At June 30, 1995, the Company's estimated remaining investigation and
remediation liability was approximately $65 million which it is authorized to
recover through the mechanism discussed above. The estimated liability is
subject to future adjustment pending further investigation. The Company
believes that any costs not ultimately recovered through rates, insurance or
other means, upon giving effect to previously established liabilities, will
not have a material adverse effect on the Company's financial statements.

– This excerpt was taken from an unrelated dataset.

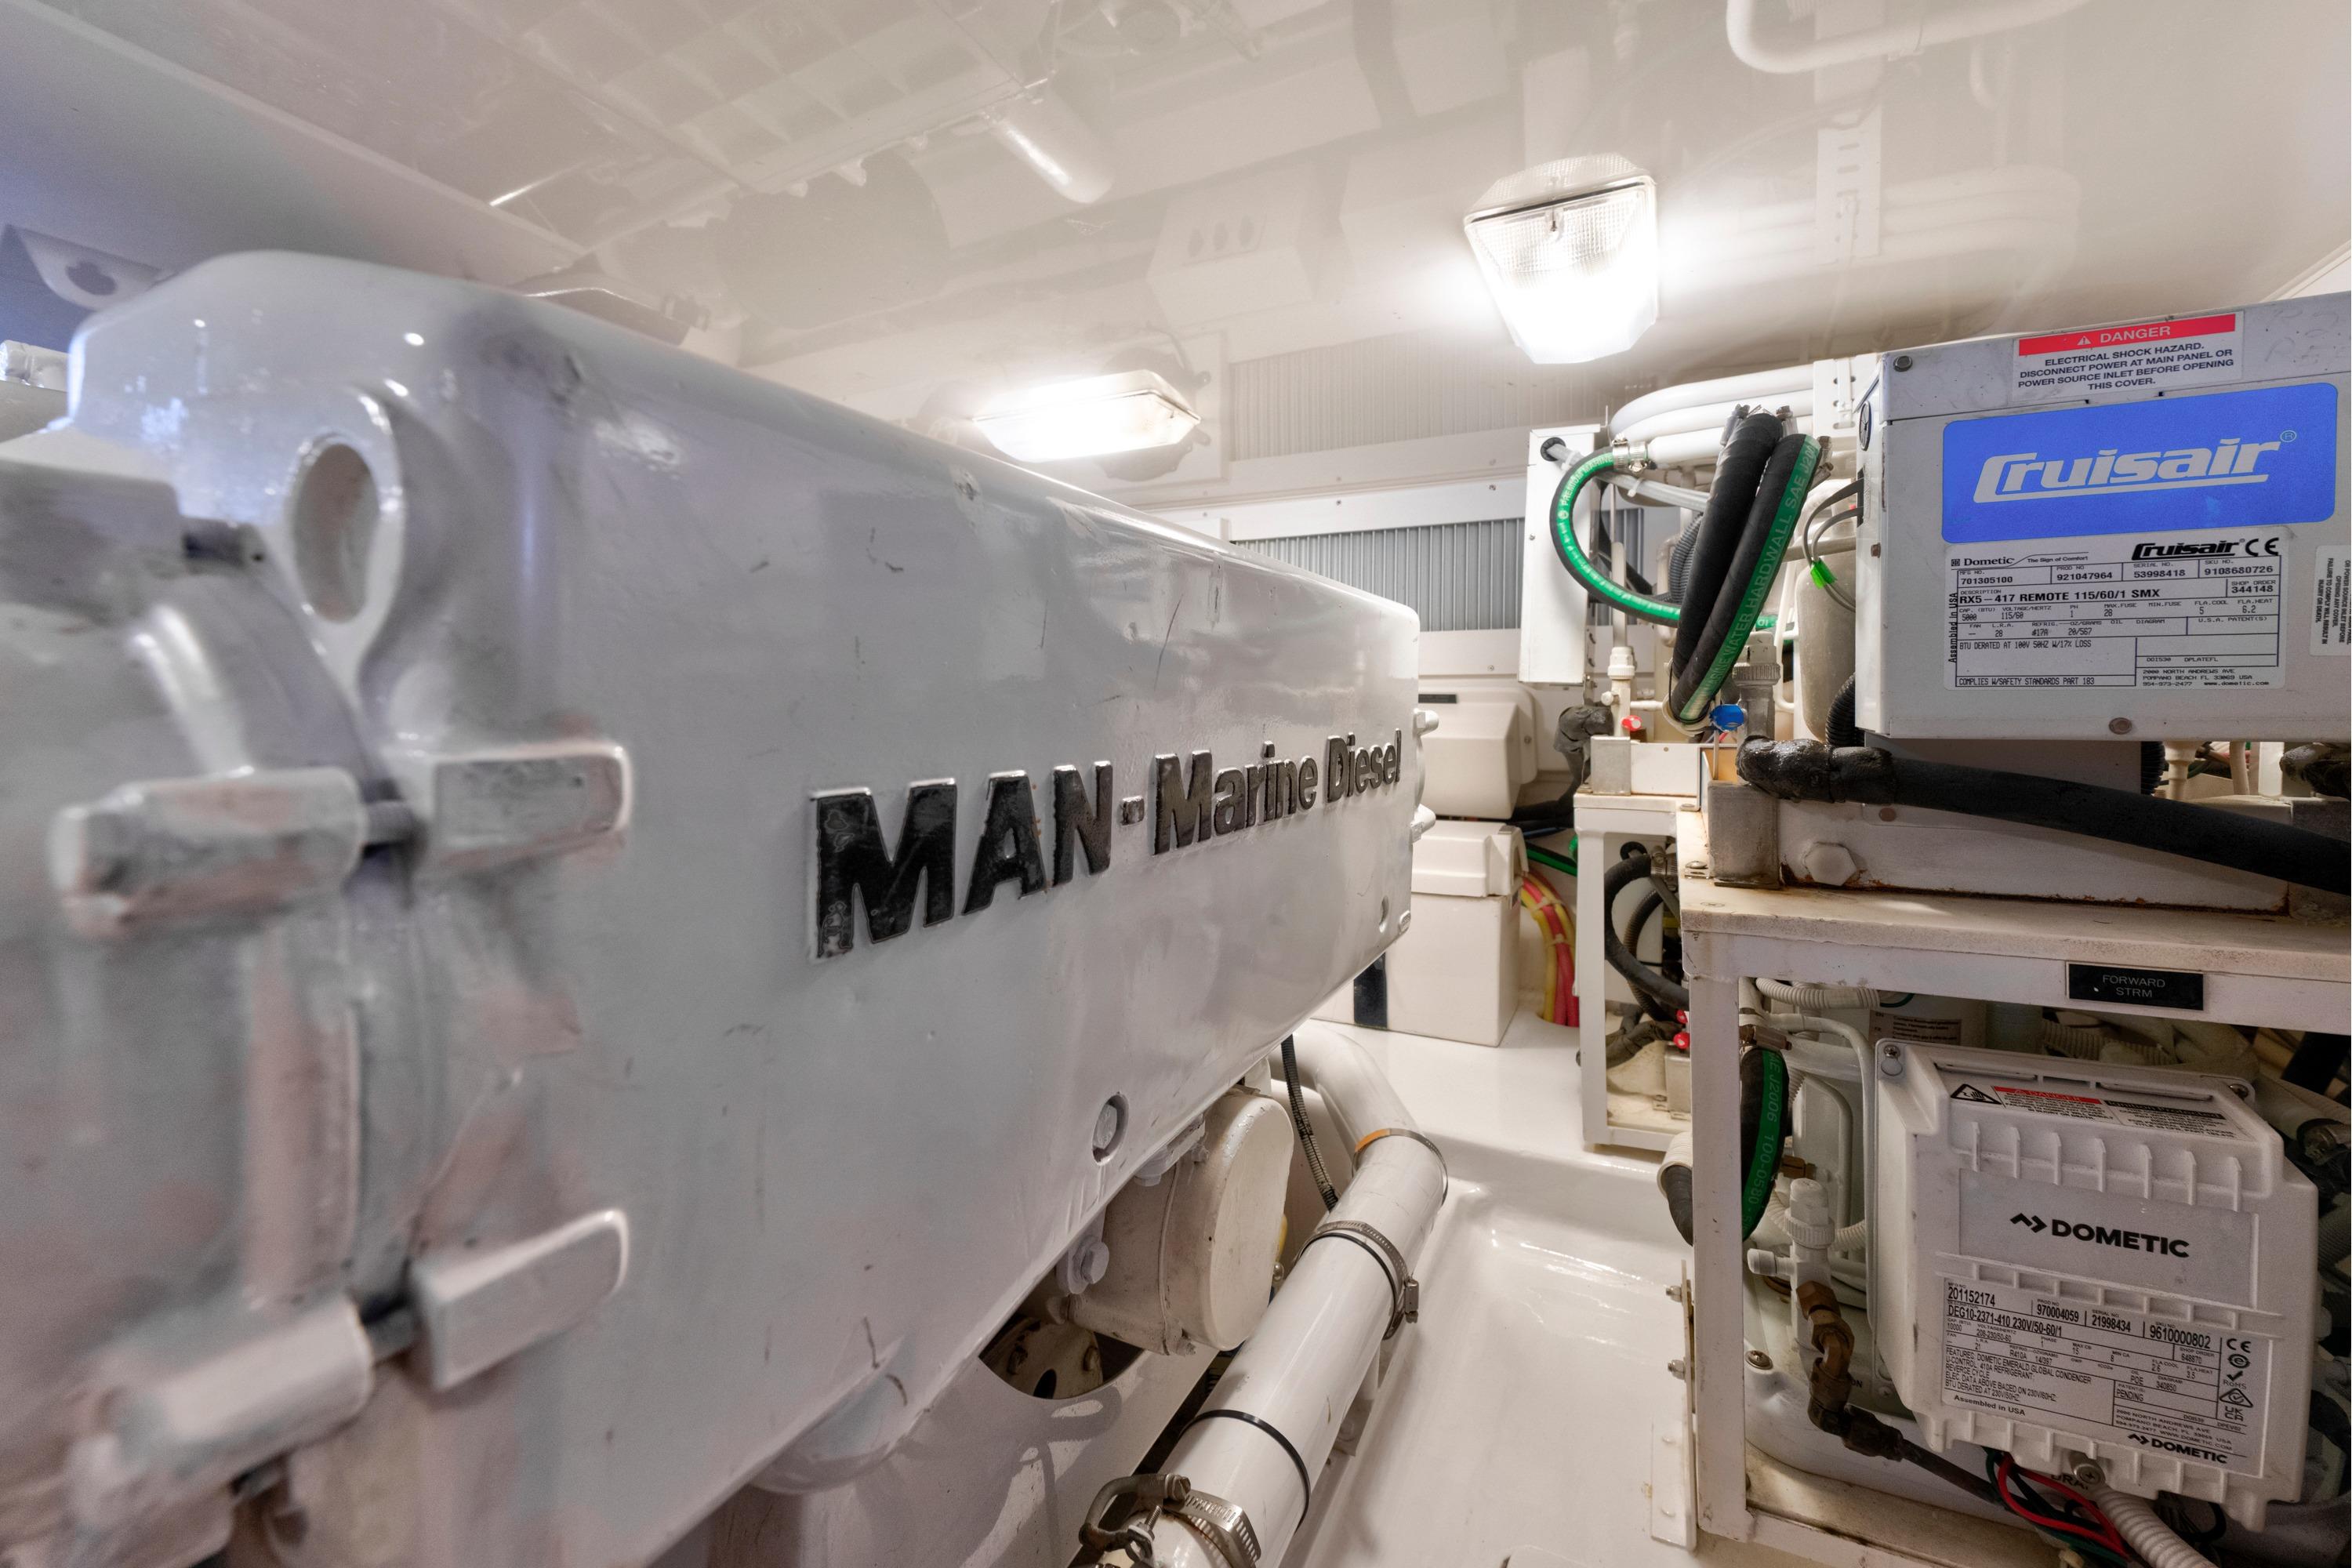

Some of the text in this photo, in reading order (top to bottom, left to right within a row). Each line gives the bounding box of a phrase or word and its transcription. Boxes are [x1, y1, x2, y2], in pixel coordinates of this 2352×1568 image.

ITEM 2. MANAGEMENT'S DISCUSSION AND ANALYSIS OF FINANCIAL CONDITION AND
RESULTS OF OPERATIONS
Pacific Enterprises is a holding company whose primary subsidiary is Southern
California Gas Company, a public utility engaged in natural gas distribution,
transmission and storage in a 23,000-square-mile service area in southern
California and parts of central California. SoCalGas markets are separated
into core customers and noncore customers. Core customers consist of
approximately 4.7 million customers (4.5 million residential and 200,000
smaller commercial and industrial customers). The noncore market consists of
approximately 1,200 customers which primarily include utility electric
generation, wholesale and large commercial and industrial customers. Many
noncore customers are sensitive to the price relationship between natural gas
and alternate fuels and are capable of readily switching from one fuel to
another, subject to air quality regulations. SoCalGas is regulated by the
California Public Utilities Commission (CPUC). It is the responsibility of
the CPUC to determine that utilities operate in the best interest of the
ratepayers with the opportunity to earn a reasonable return on investment.
Management's Discussion and Analysis of Financial Condition and Results of
Operations should be read in conjunction with the Condensed Consolidated
Financial Statements and the Company's Annual Report on Form 10-K.
CONSOLIDATED
Net income for the quarter ended June 30, 1995 was $45 million, or $.51 per
common share, compared to $42 million, or $.47 per common share, in 1994.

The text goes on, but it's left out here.